Parking lots in general, whether in hospitals, schools or nightclubs, are the third most common site of homicides, assaults, kidnappings and other crimes, according to FBI figures analyzed by the Sentinel Journal.

The city passed an ordinance targeting more than 65 downtown parking lots in 2018 after a spate of crime in the parking lot of the intermodal station on St. Paul Avenue. The latest ordinance extends the coverage area to the entire city.

Better surveillance and better security are needed in parking areas “because the area is often deserted, easily accessible, poorly lit and for other reasons,” the ordinance specifies.

Mayor Tom Barrett signed the ordinance on Wednesday, according to his spokesperson.

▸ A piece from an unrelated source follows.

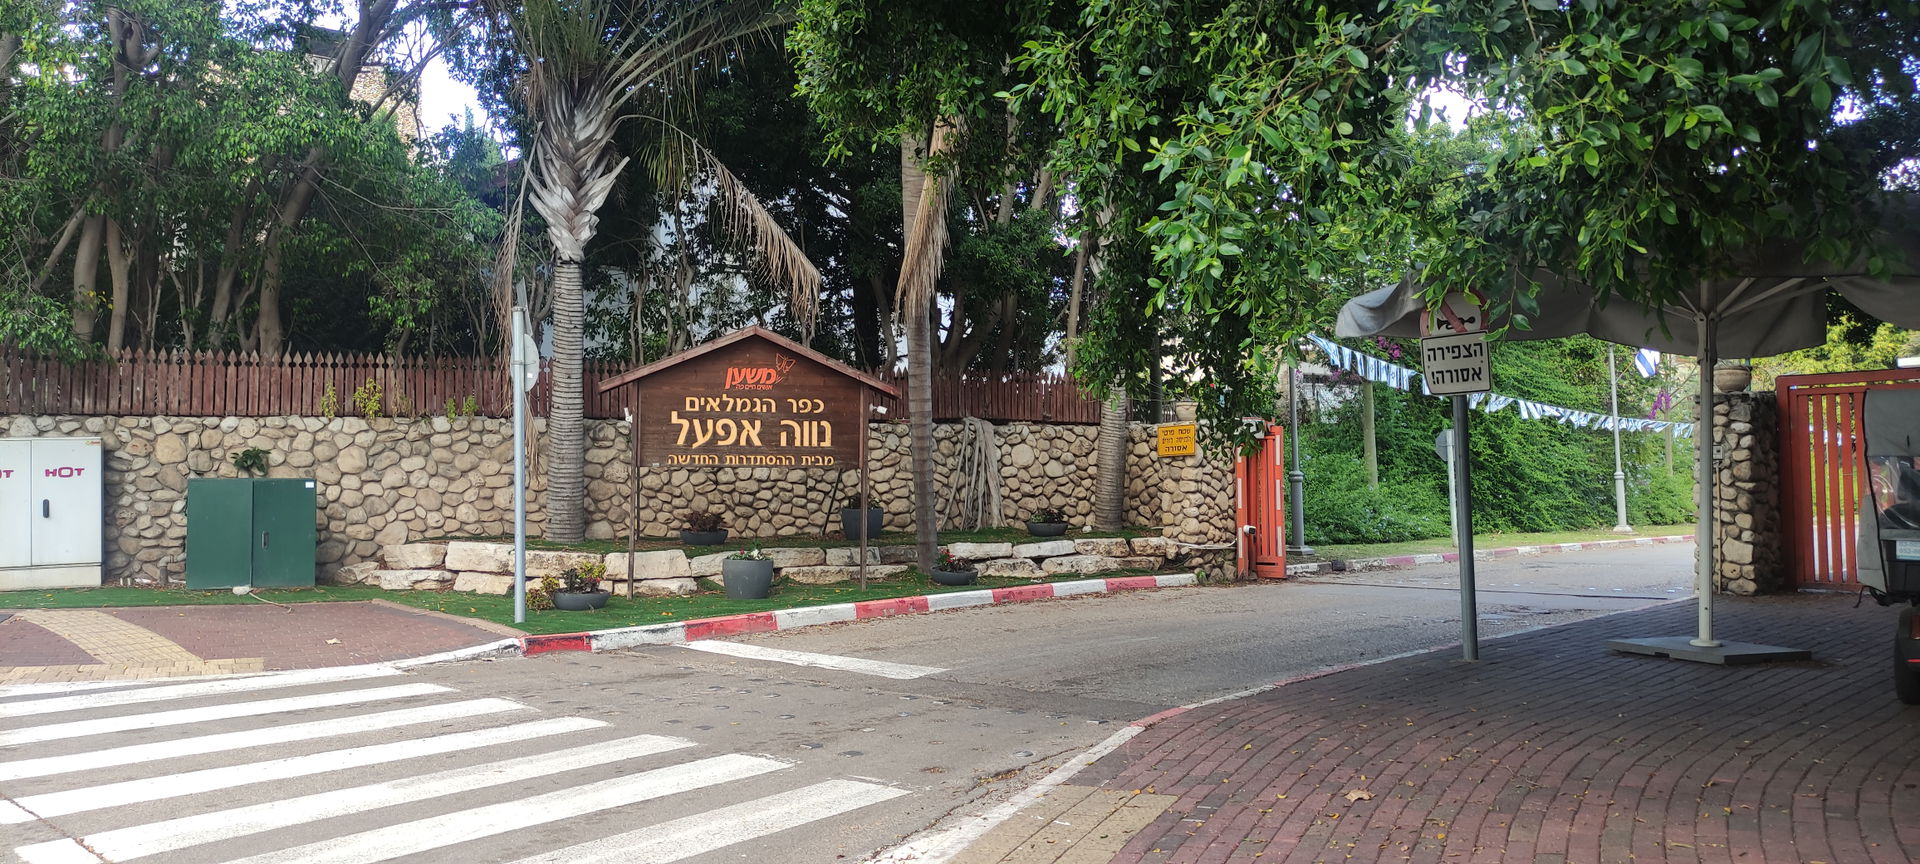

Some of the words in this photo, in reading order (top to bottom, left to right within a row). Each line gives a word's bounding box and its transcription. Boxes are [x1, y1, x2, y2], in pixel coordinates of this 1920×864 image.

It is not clear, however, whether the ordinance will tackle crime in parking lots and private structures, such as those owned and operated by hospitals and other employers or apartment buildings. As written, it applies to garages or lots on which “a business is carried on to store motor vehicles where the owner or person storing the vehicle must pay a fee.” It exempts lots of 15 boxes or less.

While employees at many hospitals pay to park on the job, hospitals don’t always charge visitors. One of the co-sponsors of the ordinance, Ald. Bob Bauman, said he would like the ordinance to apply to all parking lots used by the public, whether or not a fee is charged. He said he was asking the city attorney for an opinion on the matter.

“We are trying to resolve the backdoor issues you detailed, through licensing,” Bauman said in an interview with Journal Sentinel. “The emergency solution to this is human surveillance with eyes, ears and mouths that can talk on the phone and call for help. “

In the dark:Read the survey

Thomas Smith, security consultant for the nationwide healthcare sector, praised the Joint Council’s action, but said more needed to be done.

“I think that’s a good place to start. However, I would suggest adding specific requirements,” said Smith, who has been a consultant for hospitals for 20 years.

Atlas, hired by Journal Sentinel to assess parking lot security at five Milwaukee-area hospitals, agreed.

“This is a great intention,” Atlas said, “but they didn’t sweat the details of the implementation.” He said the ordinance did not explain the design features of crime prevention. pedestrians, ”he said. “There must be a lot more detail in the law. “

The lack of adequate security in the parking structure at Ascension Columbia St. Mary’s Hospital in eastern Milwaukee is at the center of a lawsuit brought by a woman who was stabbed more than a dozen times by a foreigner in 2018.

Lawyer Benjamin Wagner, who represents the woman, applauded the council’s action.

“This is a big step forward in requiring owners who invite the public to their premises to take reasonable security measures,” said Wagner. “It can only help.”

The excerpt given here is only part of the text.